Helping fintech and banking to understand other side of the desk

Lawyering between two worlds

This is one of three articles recently posted concerning the coming together of fintech and banking, through partnerships and otherwise. You can find links to the other articles at the end of this one.—Steve Cocheo, executive editor and digital content manager

Bankers have grown used to doing business in a thicket full of laws and regulations. Fintech companies, stressing innovation and agility, don’t want to live in the thicket.

“Entrepreneurs are terrified of all this,” says Veronica McGregor, partner in the San Francisco office of Goodwin Procter LLP. McGregor’s own father is, as she describes him, a serial entrepreneur. Between family background and a career increasingly devoted to working with fintech firms as well as banks, McGregor has learned how to help both sides understand the other.

Such understanding grows more critical as fintech and banking begin to think more in terms of partnership, white labeling, or, at least, “coopetition.”

“My job is helping banks deal with cowboys, and helping cowboys deal with dinosaur banks,” says McGregor. On the fintech side she has worked with everything from “two guys in a garage” with nearly no capital to major tech corporations.
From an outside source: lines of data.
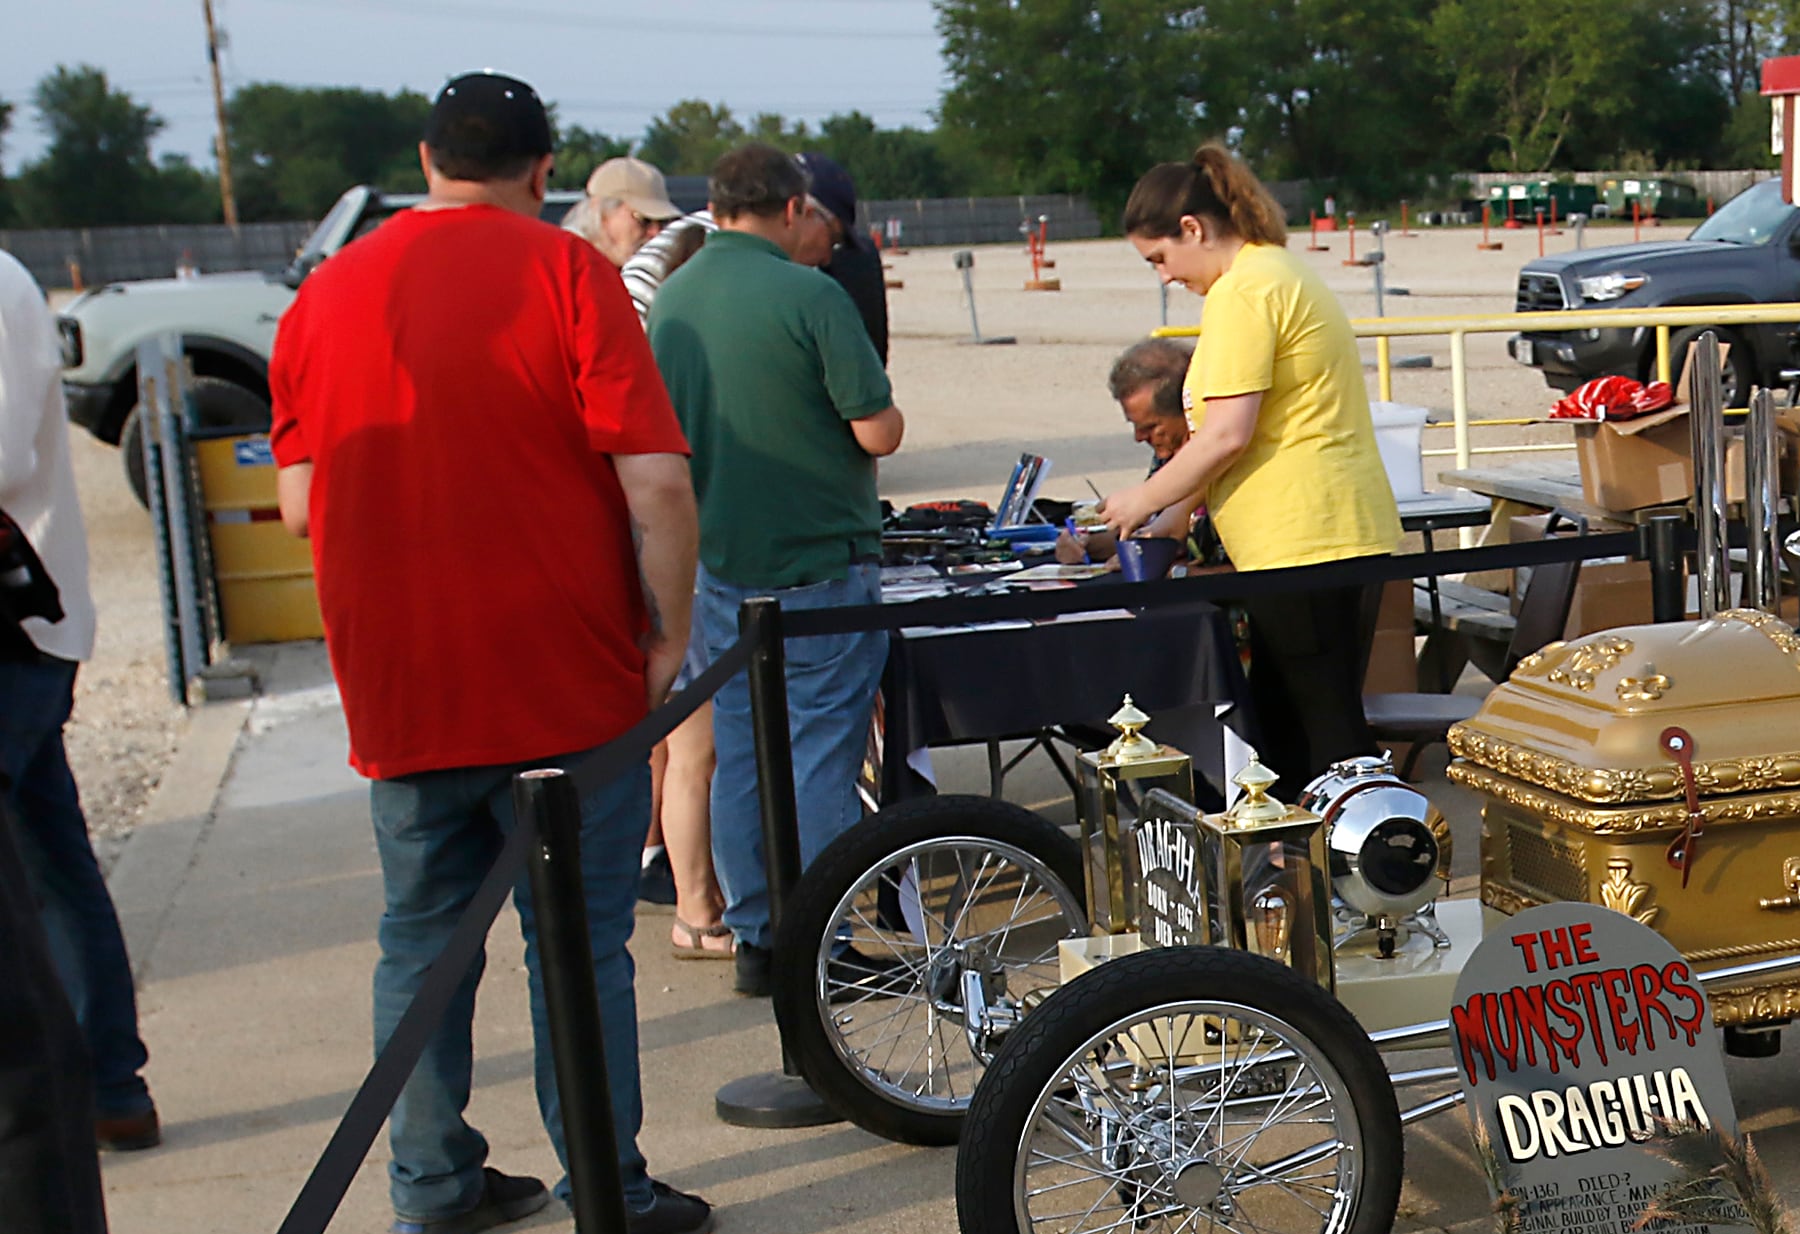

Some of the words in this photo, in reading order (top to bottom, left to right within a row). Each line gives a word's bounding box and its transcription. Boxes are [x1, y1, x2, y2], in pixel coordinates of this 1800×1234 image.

[1512, 922, 1600, 973] THE
[1451, 961, 1705, 1085] MUNSTERS
[1540, 1189, 1620, 1213] APPEARANCE
[1629, 1184, 1657, 1201] MAY
[1561, 1209, 1595, 1227] BUILD
[1596, 1206, 1611, 1221] BY
“It’s in the DNA of an entrepreneur to approach things from the viewpoint of ‘What problem am I trying to solve?”,” says McGregor, who was a banking lawyer before reaching out to fintech firms as well. “And I come along and throw a problem into their problem solving.”

Banking Exchange interviewed McGregor during the recent Money 20/20 2016 Conference.

It is what it is—not what you choose to call it

Compliance, from the “alphabet regs” to newer forms such as UDAAP, comes with the territory in every aspect of banking. But McGregor regularly sees wishful thinking among fintech players who come to her for early advice. Sometimes they are in denial that what they want to do falls under the regulatory tent.

Entrepreneurs come up with fresh ways to describe what they offer through websites and apps—to avoid regulation—but basic financial functions are what they are. A deposit is a deposit, a loan is a loan, no matter what you name it. So when McGregor meets with would-be players, she often must douse them with cold water.

“It’s not what you call yourself,” she explains, “it’s what you are doing. Are you engaging in a regulated activity?”

If the firm is, then it has to worry about licensing, compliance—anything touching on the proper conduct of that activity.

On the other hand, in spite of the image—and perhaps self-image—of fintech as a modern Wild West of untrammeled rugged individualism, McGregor periodically has to cry “stop.”

“I look at their proposal,” she explains, “and I may have to say, ‘You can do what you want to do, but you can’t do it that way.”

Presenting the bank side

McGregor says that she’s often in the role of a sort of marriage counselor, helping banks and fintechs to understand each other.

McGregor gives an example that typifies the barrier seen in communication and understanding. A developer will come up with a cool app, but will design it such that no request for a Social Security number and other potential “know your customer” information will be taken. The fintech perspective is that such details represent friction, which can prevent interest from converting into enrollment.

McGregor says that bankers, on the other side of the desk, feel fintech players can be irresponsible. Any bank interested in partnering with such a developer would feel very uncomfortable not obtaining KYC information, says McGregor. Bankers regard KYC as an essential element of onboarding customers and have had years of examiner scrutiny to learn that lesson.

“It’s not that banks are allergic to innovation,” says McGregor.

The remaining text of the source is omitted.